A key frontier of science
Vitamin E is one of the last nutrients for scientists to understand. The latest developments in equipment innovation have allowed the characterization of oxidation products formed during non-specific lipid peroxidation. In the very near future, we’ll be able to document what fats are being protected by vitamin E.
Specifically, my laboratory is on the cusp of important breakthroughs, and understanding exactly why the human body needs vitamin E. Our research into zebrafish has shown the degree to which their metabolism becomes deranged if vitamin E is insufficient. These findings have huge implications for the human brain, where polyunsaturated fatty acids need vitamin E protection. Already, my work has been instrumental in setting the 2,000 dietary recommendations for vitamin E, and it continues to inform the assessment of sufficiency and excess.

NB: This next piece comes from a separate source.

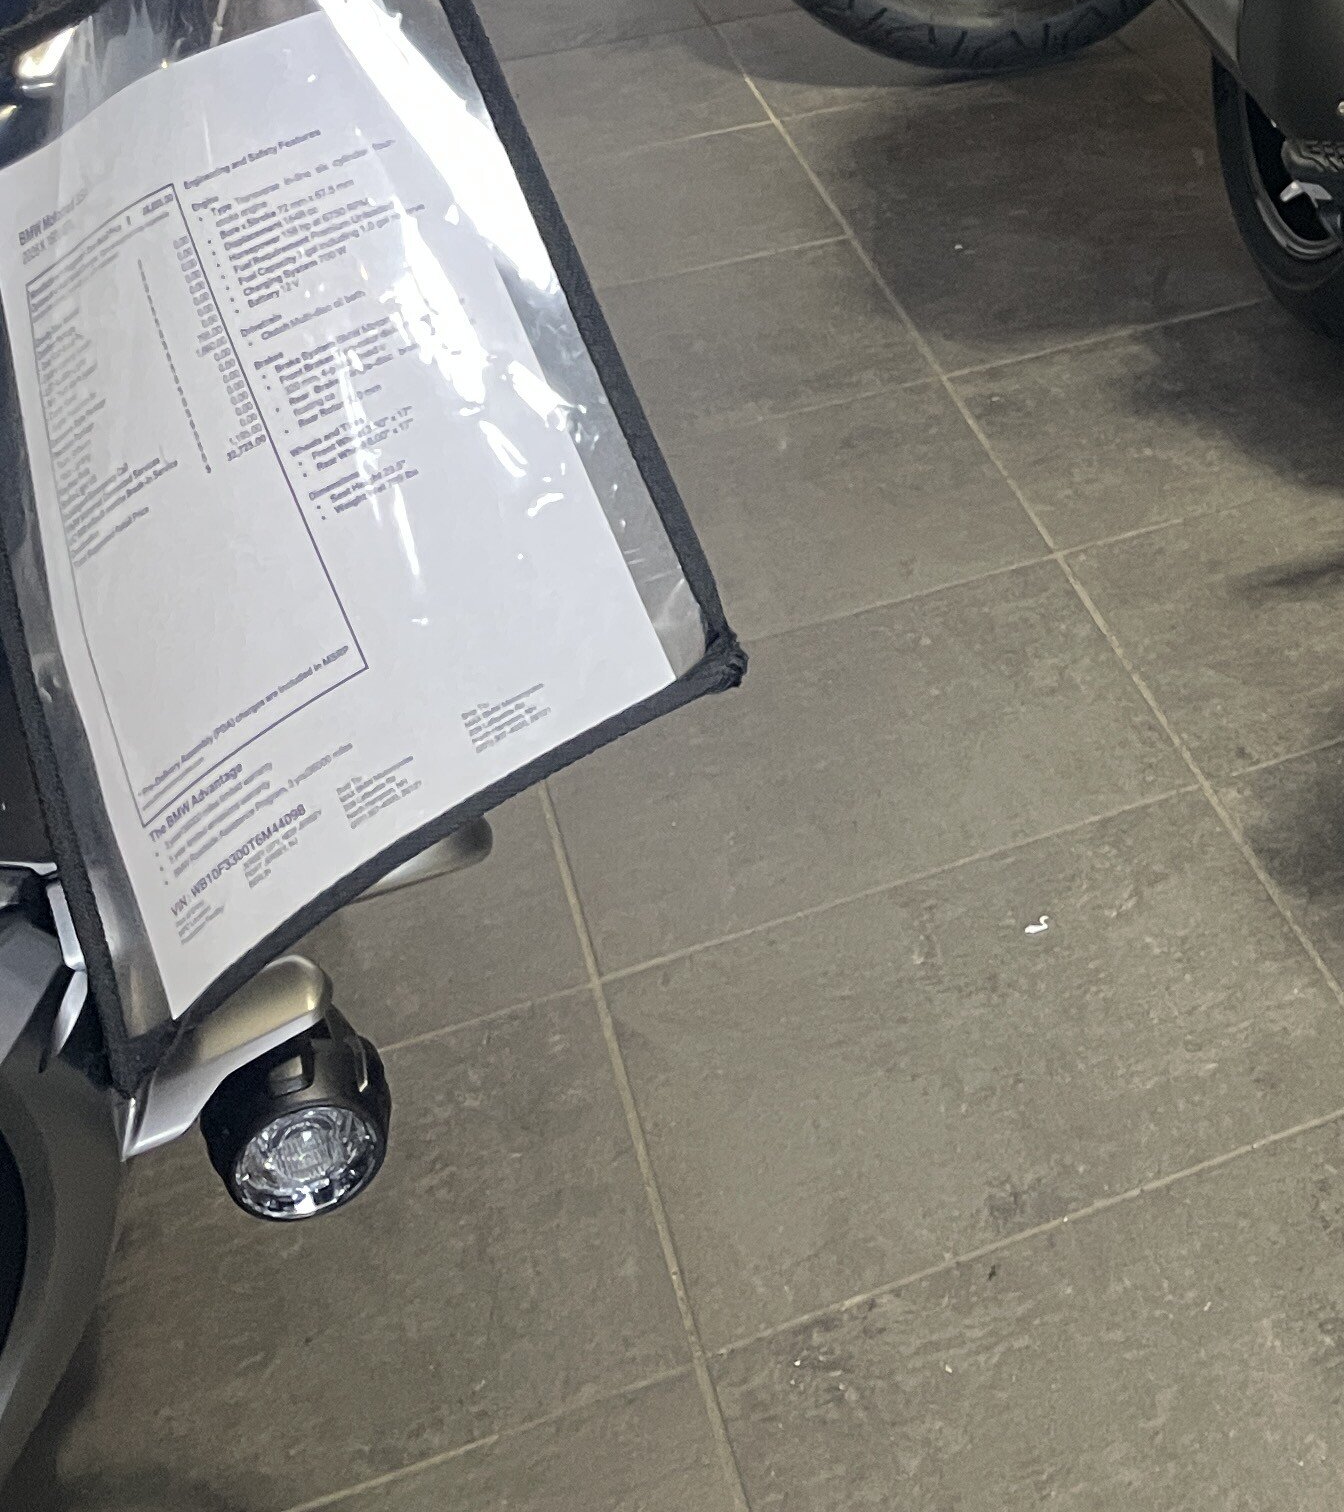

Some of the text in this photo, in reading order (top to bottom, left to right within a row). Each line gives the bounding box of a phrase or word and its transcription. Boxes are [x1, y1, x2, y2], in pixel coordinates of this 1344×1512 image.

[149, 824, 166, 842] The
[165, 801, 190, 829] BMW
[191, 763, 242, 806] Advantage

Research is driven by passion - and funding
My own work has been driven by a passion for research and the subject matter. I find asking questions and figuring out approaches to answer the questions very exciting. The best times are when you make a guess about how things work and the experiment shows you’re right.
More generally, I think scientists go where there are interesting problems to solve and there is funding to do the work. It’s heart-breaking to see talented young scientists give up nutrition studies because they cannot find a job. We need to establish better pathways that are not dependent upon becoming a faculty member at a university.